Background: Neonatal exposure to antibiotics is linked to disrupted gut microbiome. We revised our nursery sepsis risk protocol to align with the American Academy of Pediatrics 2018 guidelines in order to further improve antibiotic stewardship in neonates at risk for early onset sepsis (EOS).
Objective: We aimed to reduce antibiotic administration by 25% in asymptomatic neonates at risk for EOS, including those with abnormal laboratory findings, within 6 months of new protocol administration. Secondary aims included reducing antibiotic duration and decreasing laboratory testing and lumbar punctures (LP).

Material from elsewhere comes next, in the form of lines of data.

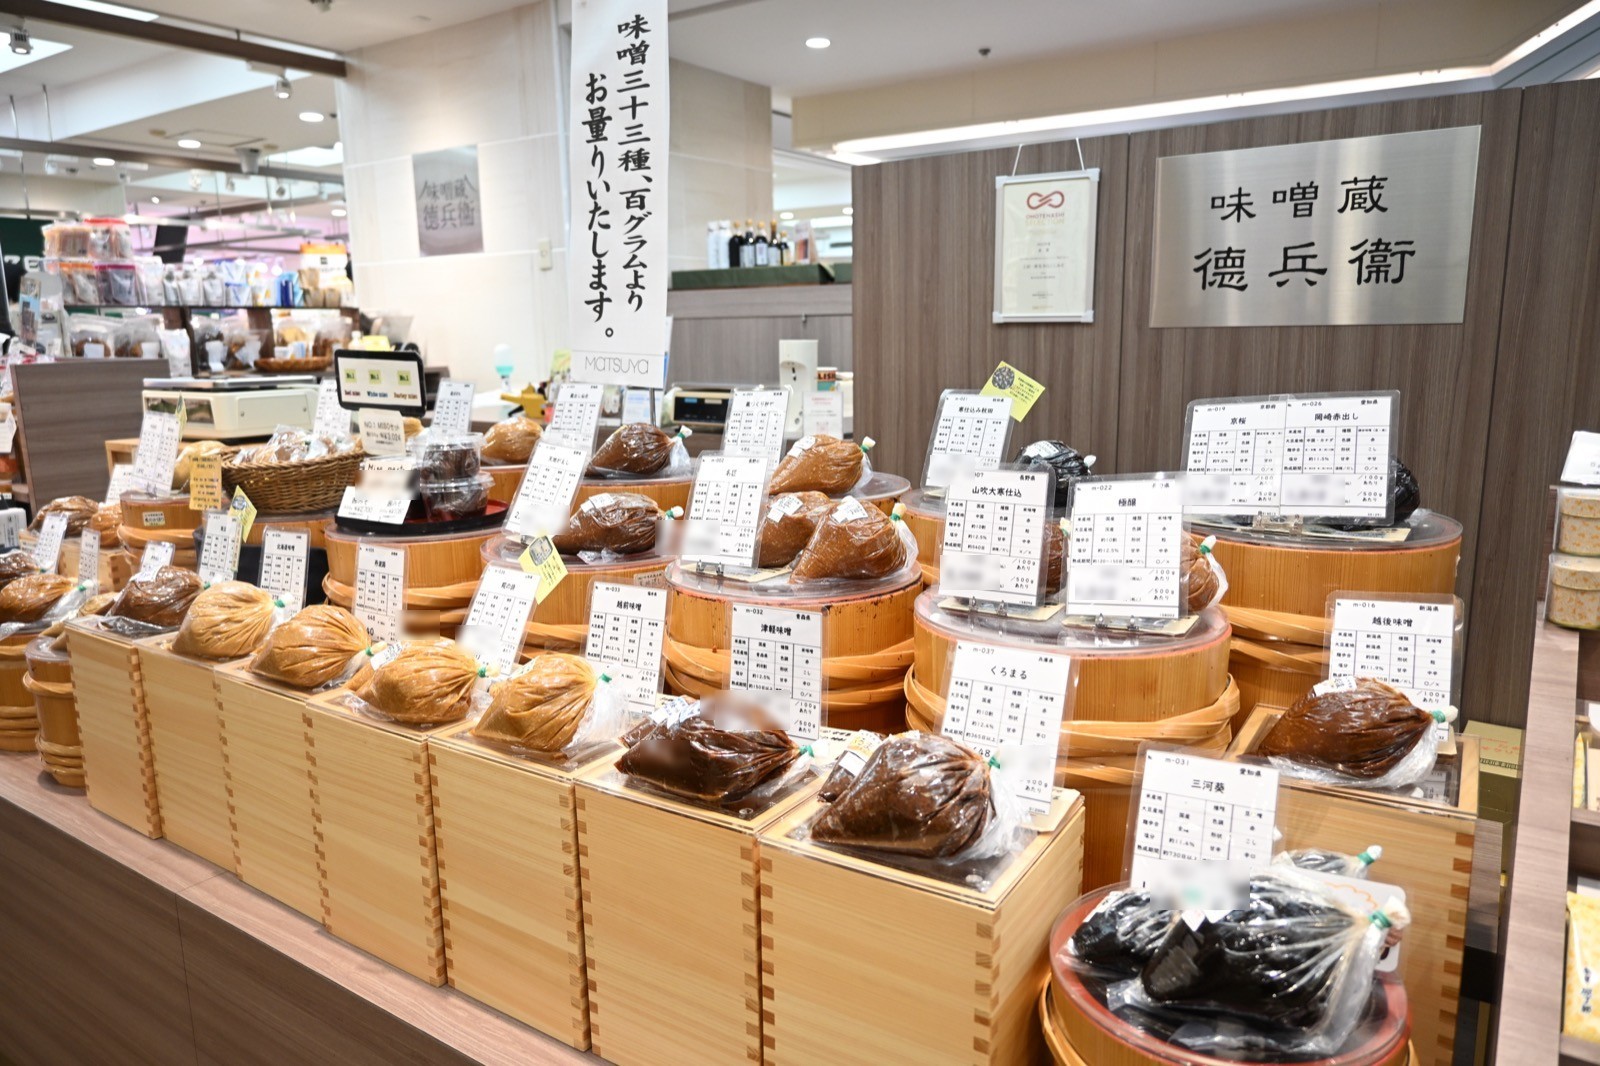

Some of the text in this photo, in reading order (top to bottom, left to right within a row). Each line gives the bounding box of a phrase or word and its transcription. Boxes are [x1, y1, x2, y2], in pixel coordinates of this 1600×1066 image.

[617, 14, 652, 312] 味噌三十三種、百グラムより
[1211, 175, 1389, 223] 味噌蔵
[582, 73, 614, 338] お量りいたします。
[972, 486, 1022, 498] 山吹大寒仕込
[1119, 498, 1136, 506] 極醸
[616, 600, 642, 611] 越前味噌
[1372, 617, 1413, 627] 越後味噌
[761, 624, 791, 636] 津軽味噌
[991, 666, 1027, 680] くろまる
[1165, 758, 1190, 766] m-031
[1191, 779, 1226, 794] 三河葵
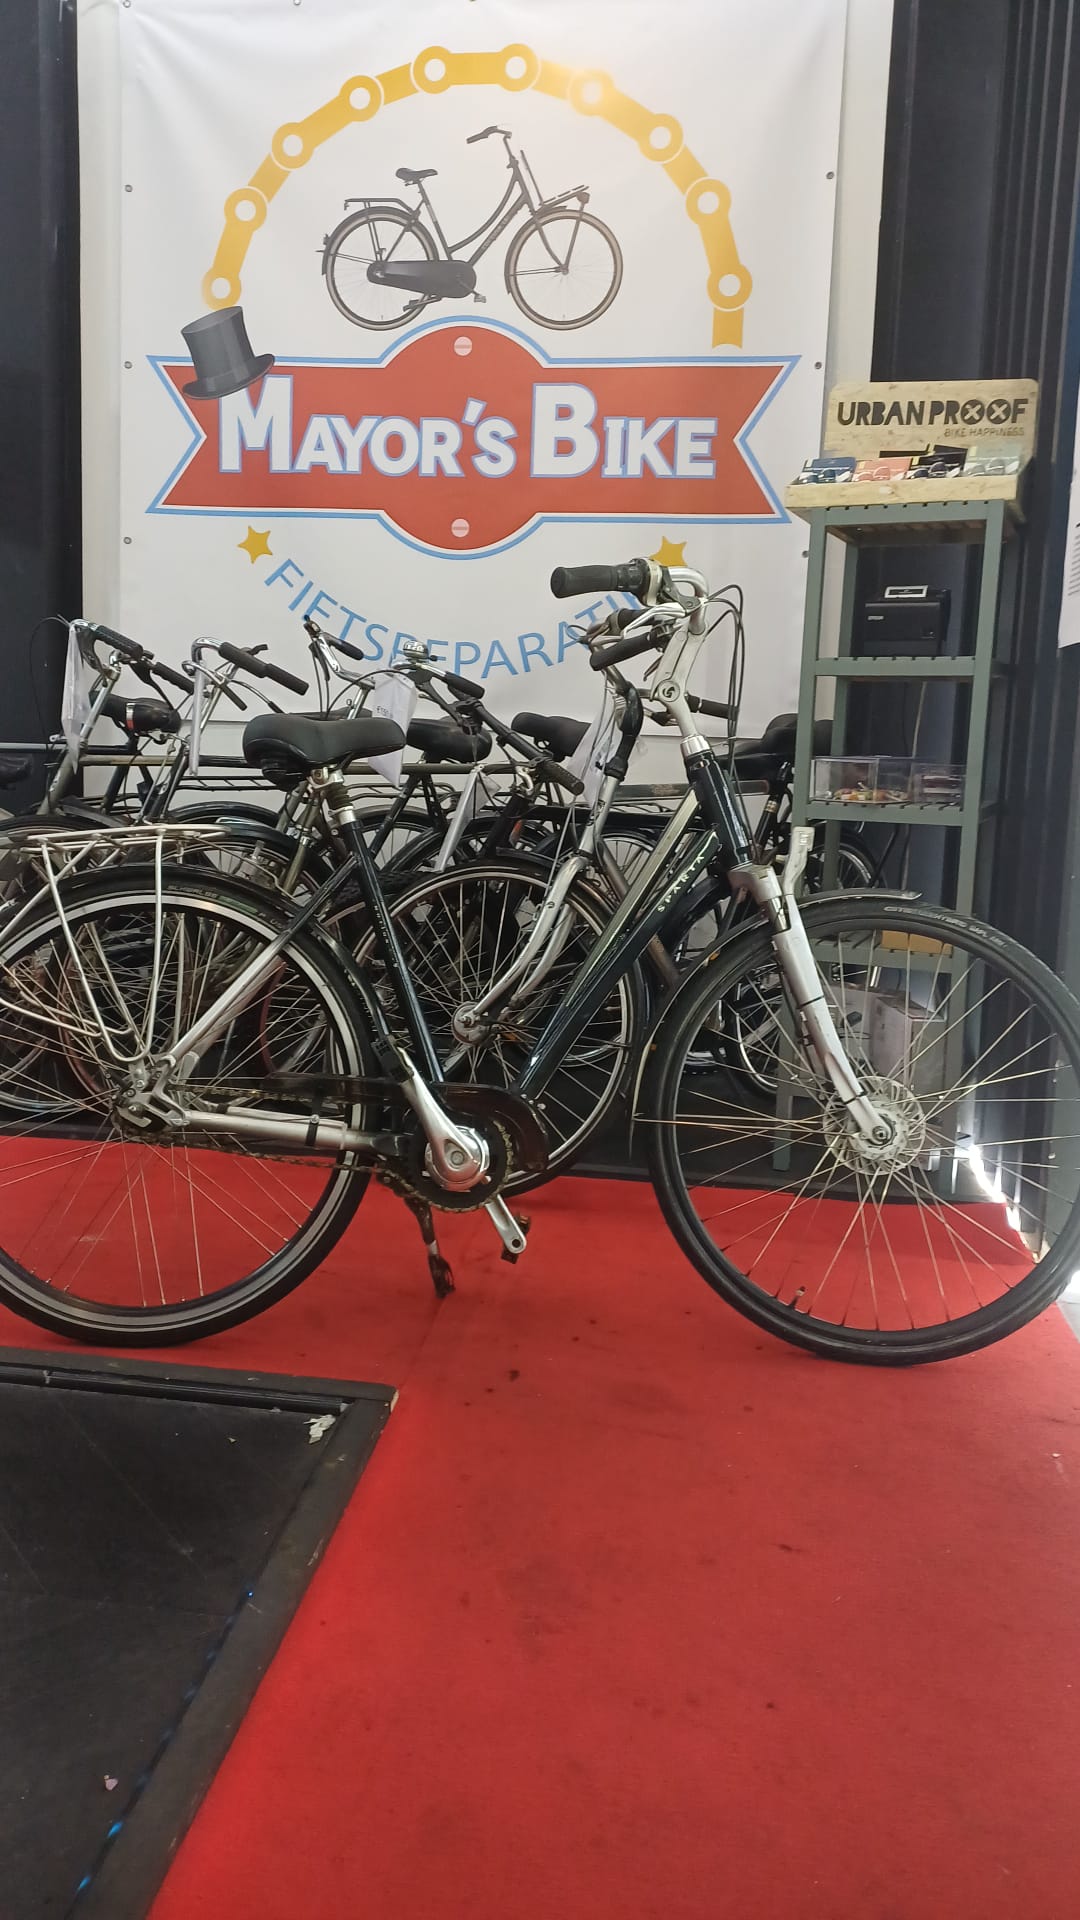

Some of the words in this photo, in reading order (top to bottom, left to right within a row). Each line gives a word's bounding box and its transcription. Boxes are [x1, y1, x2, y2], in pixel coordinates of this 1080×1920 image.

[219, 375, 518, 478] MAYOR'S
[530, 382, 718, 479] BIKE
[837, 400, 926, 426] URBAN
[928, 398, 1029, 426] PROOF
[944, 427, 967, 438] BIKE
[969, 426, 1025, 437] HAPPINESS
[264, 558, 642, 679] FIETSREPARATI
[656, 854, 704, 913] SPARTA

Design/Methods: We conducted a retrospective cohort study of neonates ≥35 weeks gestation at risk for EOS in an urban academic medical center nursery. Pre-protocol period was 04/01/2018-04/30/2019 (cohort 1) and post-protocol was 05/01/2019-11/27/2019 (cohort 2). Inclusion criteria: neonates with maternal ICD 10 diagnosis of chorioamnionitis, prolonged rupture of membranes, and late preterm neonates exposed to group B streptococcus (GBS) with inadequate prophylaxis. Exclusion criteria: clinical illness at birth. Our revised sepsis risk protocol relied on clinical assessment and called for 1) holding off antibiotics in asymptomatic neonates with abnormal labs (complete blood count, C-reactive protein) 2) avoiding repeat labs if initial tests normal and 3) limiting LP to ill appearing neonates or those with bacteremia. Serial vitals and physical exams were performed. We discontinued antibiotics at 36-48 hours of negative cultures.
Results: We evaluated 188 neonates. Antibiotic use decreased by 69% (P 0.023). Number of blood tests and LP rates decreased by 25 % and 75% respectively (Table). Five infants received antibiotics; 3 neonates for clinical illness at 8-10 hours of life, while 2 were given antibiotics off protocol. Of the 29% with abnormal labs, only 1 became symptomatic and received antibiotics for > 48 hours. No positive blood or CSF cultures were identified. No re-admissions seen for sepsis within three days of hospital discharge.
Conclusion: Using our revised EOS protocol that relied on clinical assessment, we were able to effectively reduce antibiotic usage, LP rates, and number of lab tests in both term and late pre-term neonates. We conclude that abnormal labs do not reliably predict neonatal EOS and were not associated with blood culture positivity. Asymptomatic neonates with abnormal labs may be safely monitored off antibiotics.